Vintage Vogue vs Pressed Flower
Where Vintage Vogue belongs to Benjamin Moore's range, Pressed Flower is a Sherwin-Williams color. Hue-wise, Vintage Vogue belongs to the green-grey family and Pressed Flower to the pink family. Pressed Flower (LRV 35) reflects noticeably more light than Vintage Vogue (LRV 12), a difference of 23 points that becomes especially apparent in rooms with limited natural light. Vintage Vogue runs green while Pressed Flower is decidedly warm, which means they'll respond very differently to warm vs cool light sources. With a ΔE of 35.9, the contrast is hard to miss. These aren't variations on a theme — they're two different answers to the same question. Below you'll find 1 real-room photo comparison where both colors appear side by side, plus 5 simulated room previews.
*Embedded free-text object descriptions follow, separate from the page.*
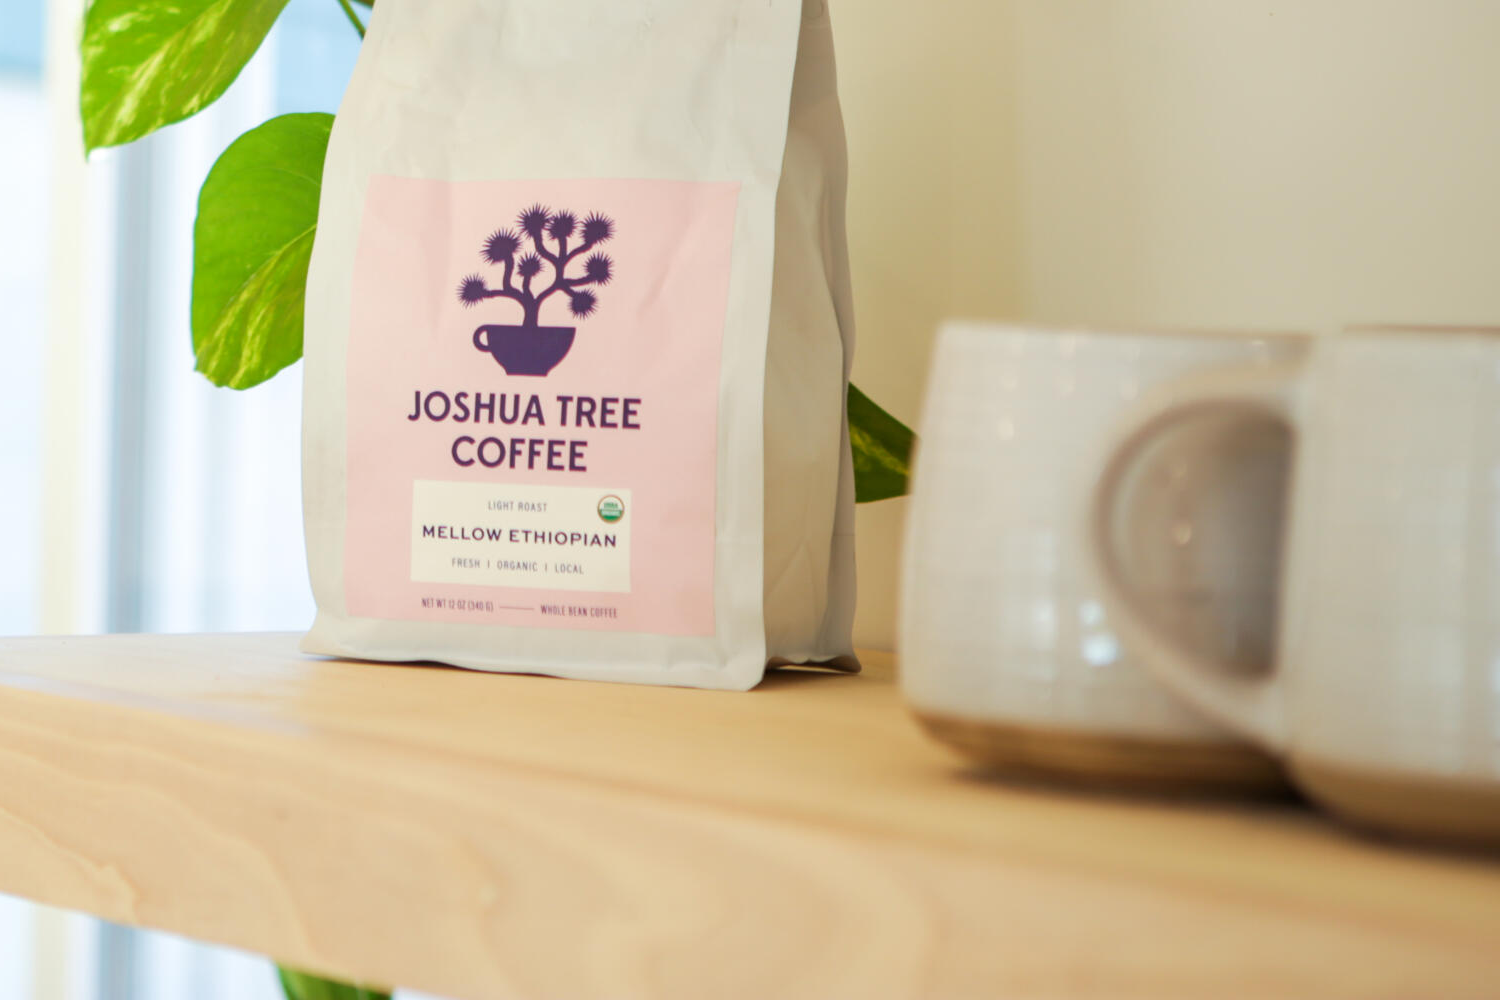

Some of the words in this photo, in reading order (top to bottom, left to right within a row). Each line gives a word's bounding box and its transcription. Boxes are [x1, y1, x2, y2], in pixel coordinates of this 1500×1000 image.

[407, 390, 545, 426] JOSHUA
[556, 395, 642, 430] TREE
[451, 435, 588, 472] COFFEE
[487, 500, 514, 511] LIGHT
[518, 501, 547, 512] ROAST
[422, 525, 502, 542] MELLOW
[509, 529, 617, 548] ETHIOPIAN
[451, 557, 480, 569] FRESH
[497, 559, 538, 571] ORGANIC
[555, 562, 584, 575] LOCAL
Vintage Vogue vs Pressed Flower in Real Spaces
1 real room side by side. Seeing Vintage Vogue and Pressed Flower in actual rooms makes the difference concrete; browse the spaces below to get a feel for how each color lives on a wall.
Home Office
The test for a home office color isn't how it looks in a quick glance — it's whether it still feels right after a full day of work. Pressed Flower reflects noticeably more light off the walls, making the space read more open than Vintage Vogue.
Color Details
Vintage Vogue vs Pressed Flower Simulated Comparison
5 simulated room previews — drag the slider on each to see Vintage Vogue on one side and Pressed Flower on the other.
Digital color is approximate. These simulations are generated from the manufacturer's hex values and overlaid on grayscale room photos — your screen's calibration, brightness, and viewing angle all affect how they render. Before committing to either color, test physical samples in your own space under the light you actually live with.
More Vintage Vogue comparisons
See how Vintage Vogue stacks up against other well-photographed colors across different brands and tones.